:: Task objective ::
Write out all of the records exactly once more and skip the images.

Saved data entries

>>>>

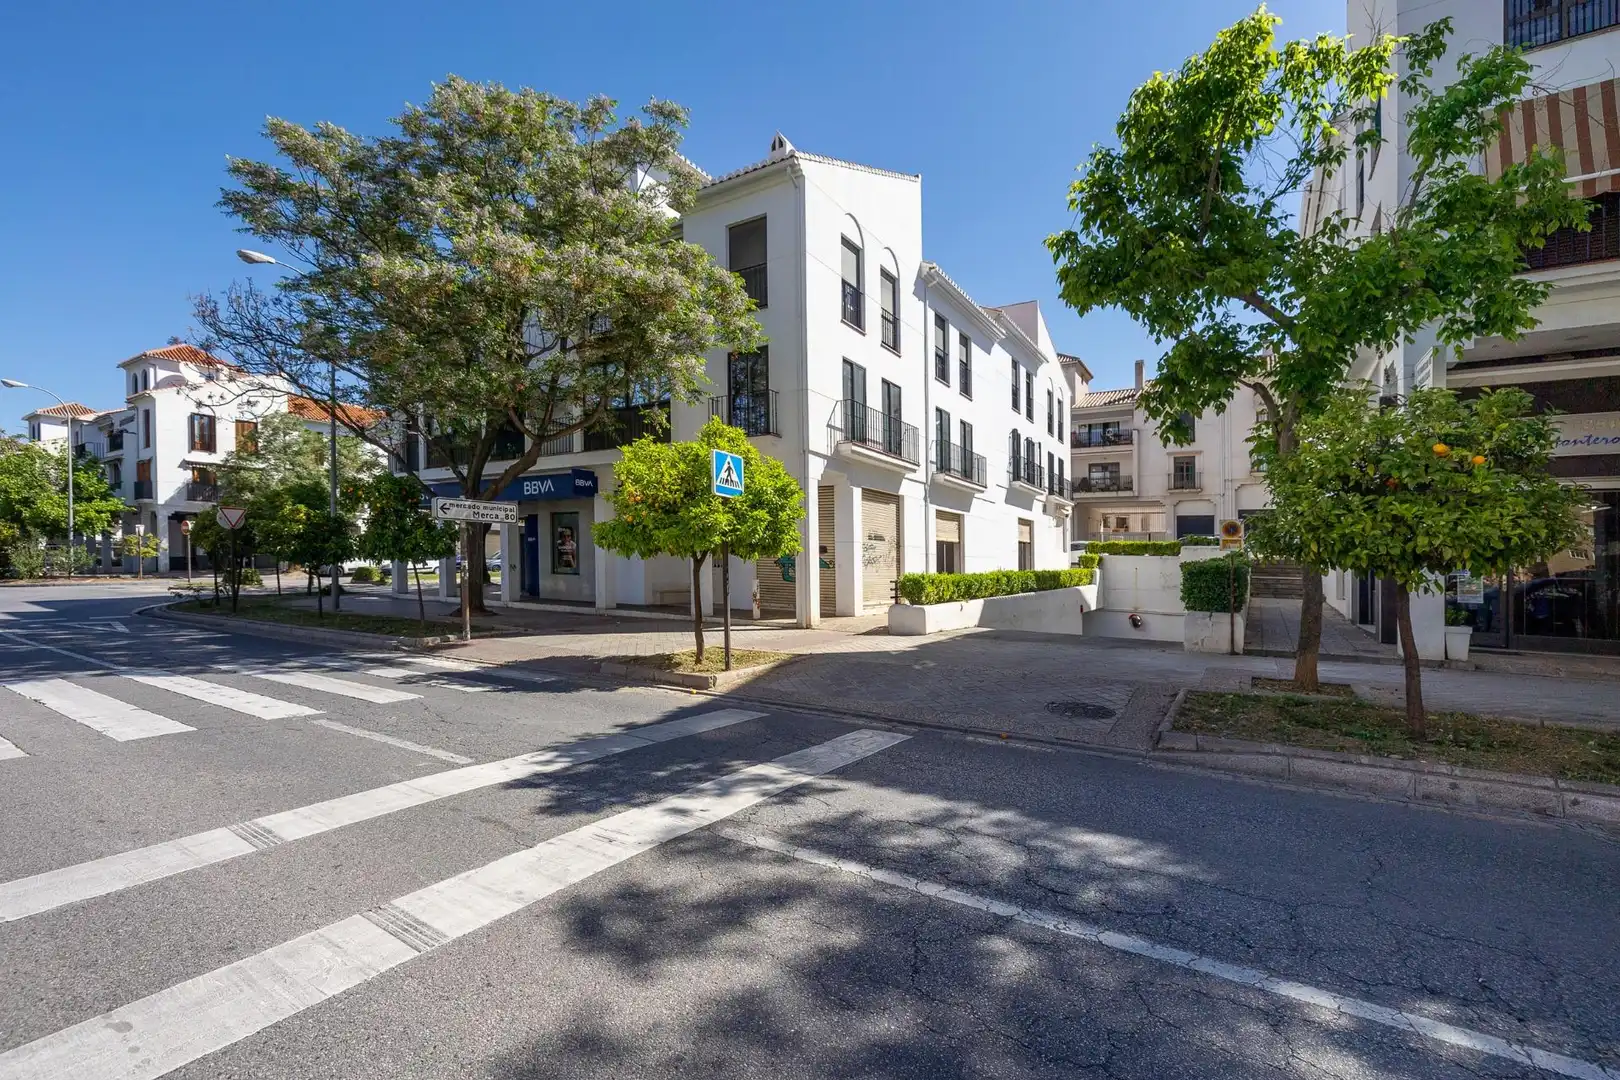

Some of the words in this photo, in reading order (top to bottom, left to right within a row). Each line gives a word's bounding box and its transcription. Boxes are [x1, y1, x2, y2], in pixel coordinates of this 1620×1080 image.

[523, 478, 555, 495] BBVA
[575, 479, 593, 487] BBVA
[449, 502, 480, 510] mercado
[482, 505, 515, 513] municipal
[472, 511, 499, 519] Merca
[504, 513, 516, 521] 80

<<<<

:: Exercise result ::
Some of the words in this photo, in reading order (top to bottom, left to right within a row). Each line gives a word's bounding box and its transcription. Boxes are [x1, y1, x2, y2], in pixel coordinates of this 1620×1080 image.

[523, 478, 555, 495] BBVA
[575, 479, 593, 487] BBVA
[449, 502, 480, 510] mercado
[482, 505, 515, 513] municipal
[472, 511, 499, 519] Merca
[504, 513, 516, 521] 80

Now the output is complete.